In August 2018 an agreement to import natural gas from the offshore Dragon field was made between the Trinidad & Tobago National Gas Company (NGC), Shell and the Venezuelan state-owned oil and natural gas company, Petróleos de Venezuela, S.A (PDVSA).[3] The pipeline was projected to cost an estimated $100 million.[3]

As of April 2019, plans for the pipeline had been put on indefinite hold due to political turmoil in Venezuela.[4] Given the Dragon field's uncertain prospects, Trinidad & Tobago's government asked Shell to study development options for the Loran-Manatee field on the maritime border between Venezuela and Trinidad & Tobago.[5]

In February 2020, Trinidad & Tobago's Prime Minister Keith Rowley confirmed that his country was pursuing Loran-Manatee as an alternative to Dragon due to United States sanctions against Venezuela, but emphasized that he remained ready to revive the Dragon pipeline project as soon as sanctions are lifted.[6]

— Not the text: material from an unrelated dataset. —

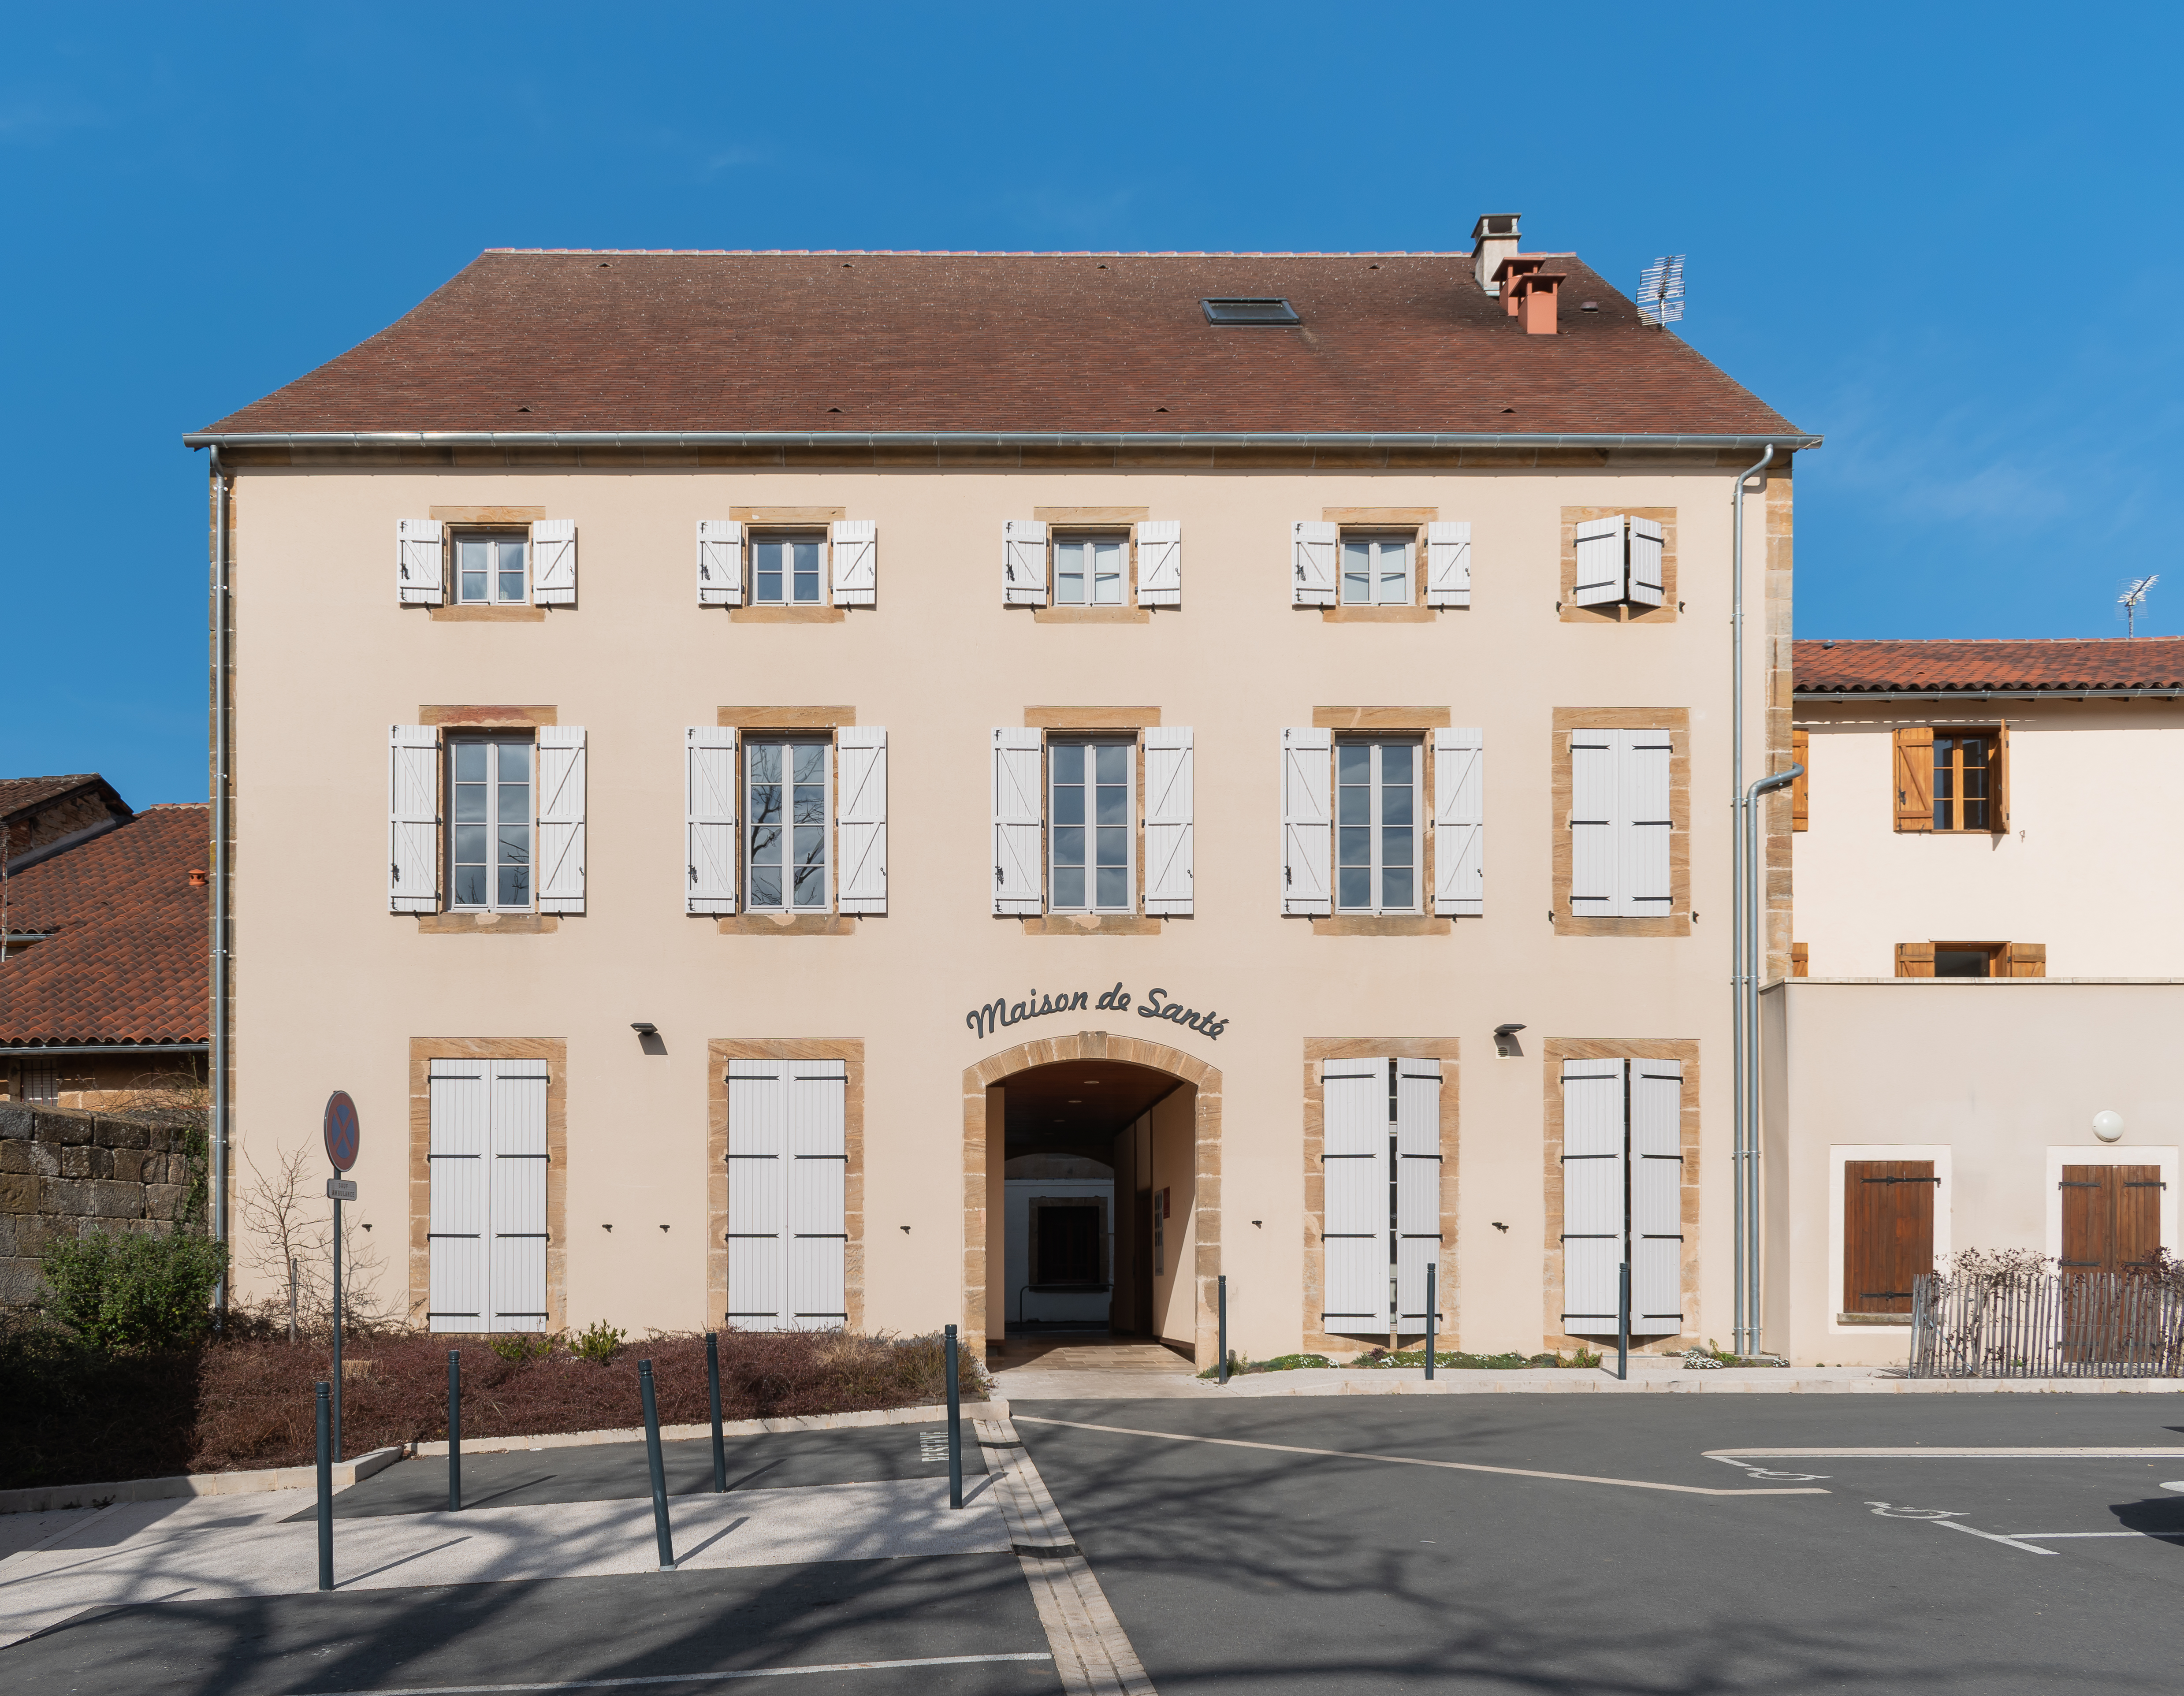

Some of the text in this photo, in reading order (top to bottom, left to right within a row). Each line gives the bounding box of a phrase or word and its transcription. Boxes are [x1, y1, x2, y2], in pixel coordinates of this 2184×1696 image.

In mid-2022, Trinidad and Tobago applied to the US Treasury Department for the right to sidestep US sanctions and negotiate with Venezuela for commercial development of the Dragon field, in the name of promoting regional energy security and reducing economic dependence on Russia.[7] In January 2023 the Treasury Department issued a two-year license allowing Trinidad and Tobago to cut a gas extraction deal with Venezuela's state-run oil company PDVSA, provided no cash payments were made to the Venezuelan government or state-owned enterprises.[7][8] In a January 2023 news conference, Trinidad and Tobago Prime Minister Keith Rowley indicated that his government hoped to import 350 million cubic feet of gas per day by pipeline from the Dragon field.[7] The Venezuelan gas would help supplement the country's reduced domestic fossil gas reserves and allow full resumption of exports at Trinidad's partially idled Atlantic LNG Terminal.[9] Negotiations between Venezuela and Trinidad and Tobago began in March 2023[10] and continued over the next several months.[8][11][12][13]

Articles and resources


  1. Dragon-Hibiscus, petroleum World, accessed Feb. 7, 2020
  2. "BNamericas - Trinidad puts Dragon gas plans on hold, goes..." BNamericas.com. Retrieved 2021-06-16.
  3. 3.0 3.1 Dragon field deal will help avoid supply gaps in Trinidad & Tobago, Offshore Technology, Sep. 25, 2018
  4. "Venezuela turmoil puts a pause on Dragon Gas deal with Trinidad and Tobago". OilNow. April 18, 2019.
  5. "Shell stays course on Trinidad, Venezuela gas". Argus Media. June 14, 2019.
  6. "Trinidad puts Dragon gas plans on hold, goes it alone at Manatee". BNamericas. February 4, 2020.{{cite web}}: CS1 maint: url-status (link)
  7. 7.0 7.1 7.2 "Exclusive: U.S. issues license to Trinidad and Tobago to develop Venezuela offshore gas field". Reuters. January 24, 2023.
  8. 8.0 8.1 "Trinidad and Tobago urges US to amend Dragon gas project license". Offshore Technology. June 2, 2023.{{cite web}}: CS1 maint: url-status (link)
  9. "Exclusive: Trinidad asks US for changes to Venezuela gas project license". Reuters. June 1, 2023.
  10. "Trinidad to Begin Negotiations for Gas Deal with Venezuela in March". PGJ Online. February 24, 2023.{{cite web}}: CS1 maint: url-status (link)
  11. "Trinidad chomping at the bit over delay to Dragon gas project with Venezuela - Stabroek News". Stabroek News. April 28, 2023.
  12. "Venezuela to hold talks again with Trinidad for Dragon field". Offshore Technology. May 29, 2023.{{cite web}}: CS1 maint: url-status (link)
  13. "Trinidad & Tobago looks to awaken the Dragon". Petroleum Economist. July 7, 2023.{{cite web}}: CS1 maint: url-status (link)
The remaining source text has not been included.